▶ DATA RECORDS:
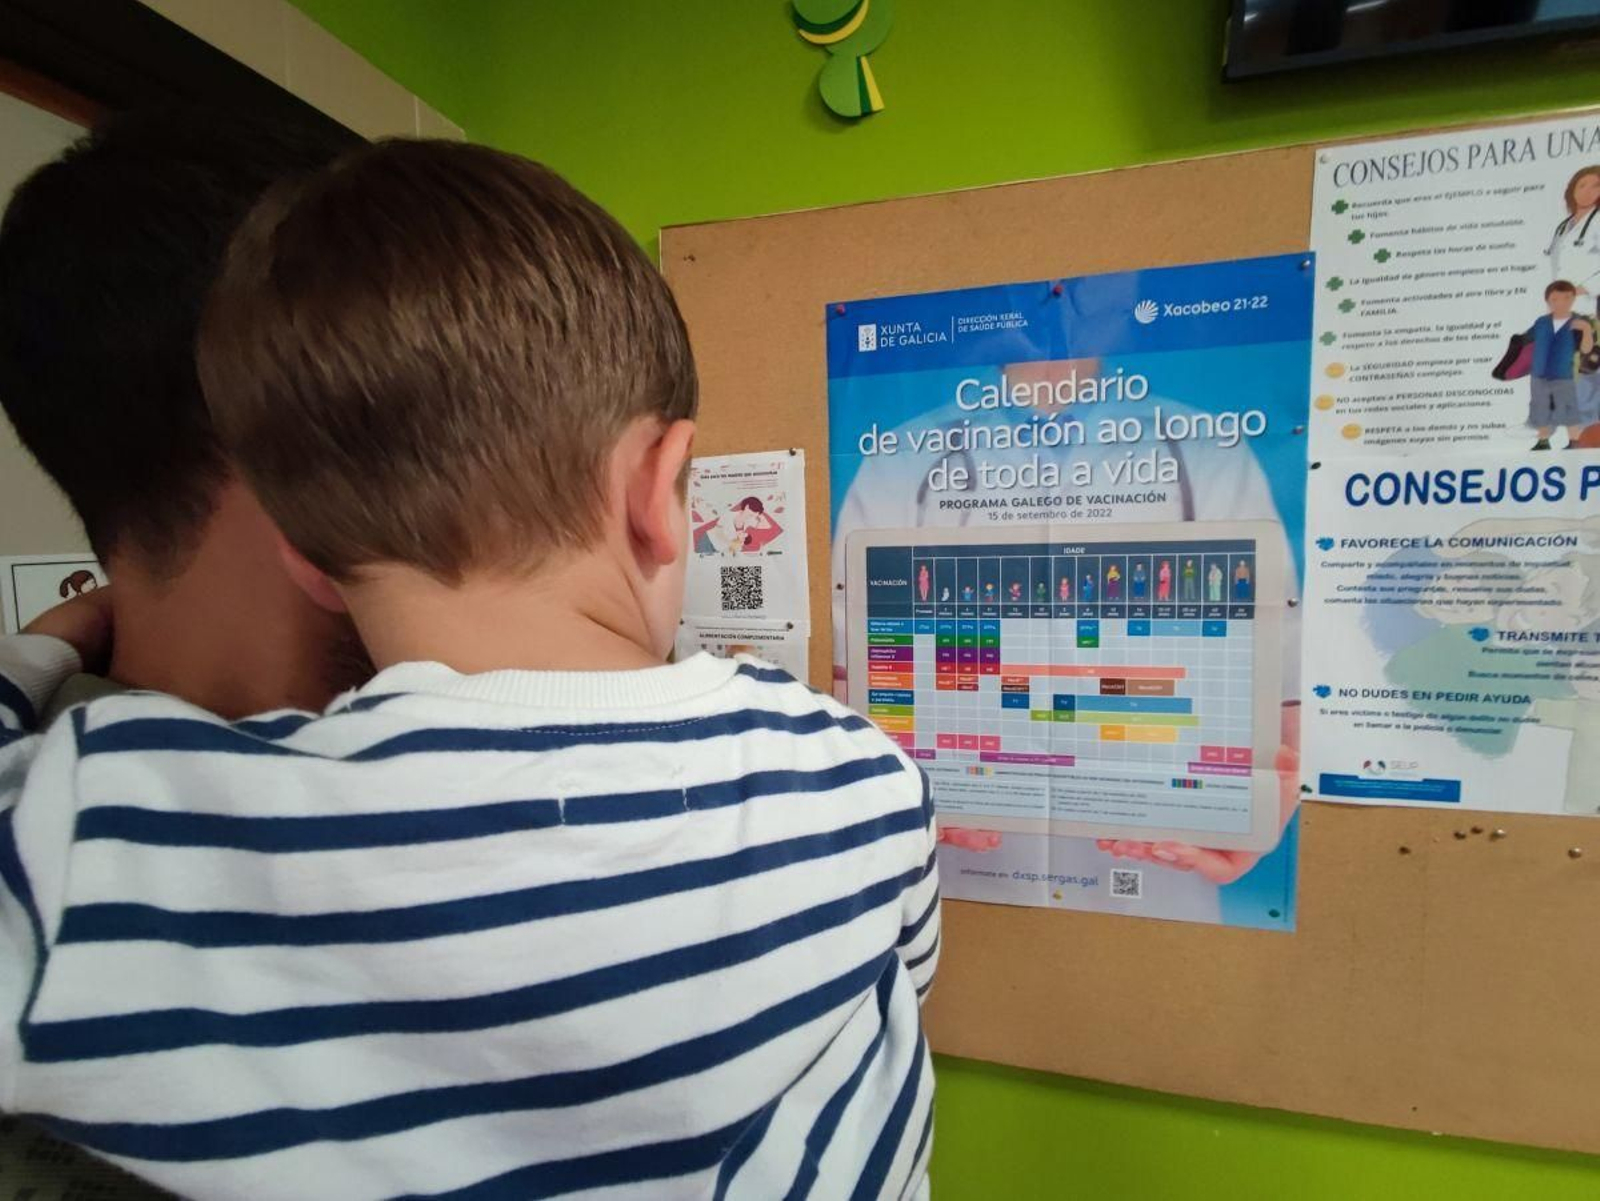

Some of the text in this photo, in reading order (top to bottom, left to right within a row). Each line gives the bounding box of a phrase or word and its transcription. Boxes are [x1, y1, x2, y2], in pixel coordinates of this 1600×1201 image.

[1333, 148, 1459, 188] CONSEJOS
[1467, 137, 1536, 169] PARA
[1394, 197, 1411, 205] que
[1163, 300, 1231, 317] Xacobeo
[880, 322, 921, 336] XUNTA
[958, 313, 998, 325] DIRECCIÓN
[880, 336, 895, 348] DE
[899, 332, 948, 346] GALICIA
[954, 367, 1149, 412] Calendario
[859, 405, 1267, 456] de vacinación ao longo
[928, 448, 1180, 493] de toda a vida
[1345, 466, 1566, 507] CONSEJOS
[939, 490, 1167, 509] PROGRAMA GALEGO DE VACINACIÓN
[987, 507, 1112, 520] 15 de setembro de 2022
[1341, 535, 1578, 549] FAVORECE LA COMUNICACIÓN
[1496, 631, 1589, 643] TRANSMITE
[1339, 688, 1532, 704] NO DUDES EN PEDIR AYUDA
[1012, 870, 1099, 887] dxsp.sergas.gal

▶ TASK:
Excluding the images, copy all of the material above verbatim.

▶ RESULT FOR THIS TASK:
Some of the text in this photo, in reading order (top to bottom, left to right within a row). Each line gives the bounding box of a phrase or word and its transcription. Boxes are [x1, y1, x2, y2], in pixel coordinates of this 1600×1201 image.

[1333, 148, 1459, 188] CONSEJOS
[1467, 137, 1536, 169] PARA
[1394, 197, 1411, 205] que
[1163, 300, 1231, 317] Xacobeo
[880, 322, 921, 336] XUNTA
[958, 313, 998, 325] DIRECCIÓN
[880, 336, 895, 348] DE
[899, 332, 948, 346] GALICIA
[954, 367, 1149, 412] Calendario
[859, 405, 1267, 456] de vacinación ao longo
[928, 448, 1180, 493] de toda a vida
[1345, 466, 1566, 507] CONSEJOS
[939, 490, 1167, 509] PROGRAMA GALEGO DE VACINACIÓN
[987, 507, 1112, 520] 15 de setembro de 2022
[1341, 535, 1578, 549] FAVORECE LA COMUNICACIÓN
[1496, 631, 1589, 643] TRANSMITE
[1339, 688, 1532, 704] NO DUDES EN PEDIR AYUDA
[1012, 870, 1099, 887] dxsp.sergas.gal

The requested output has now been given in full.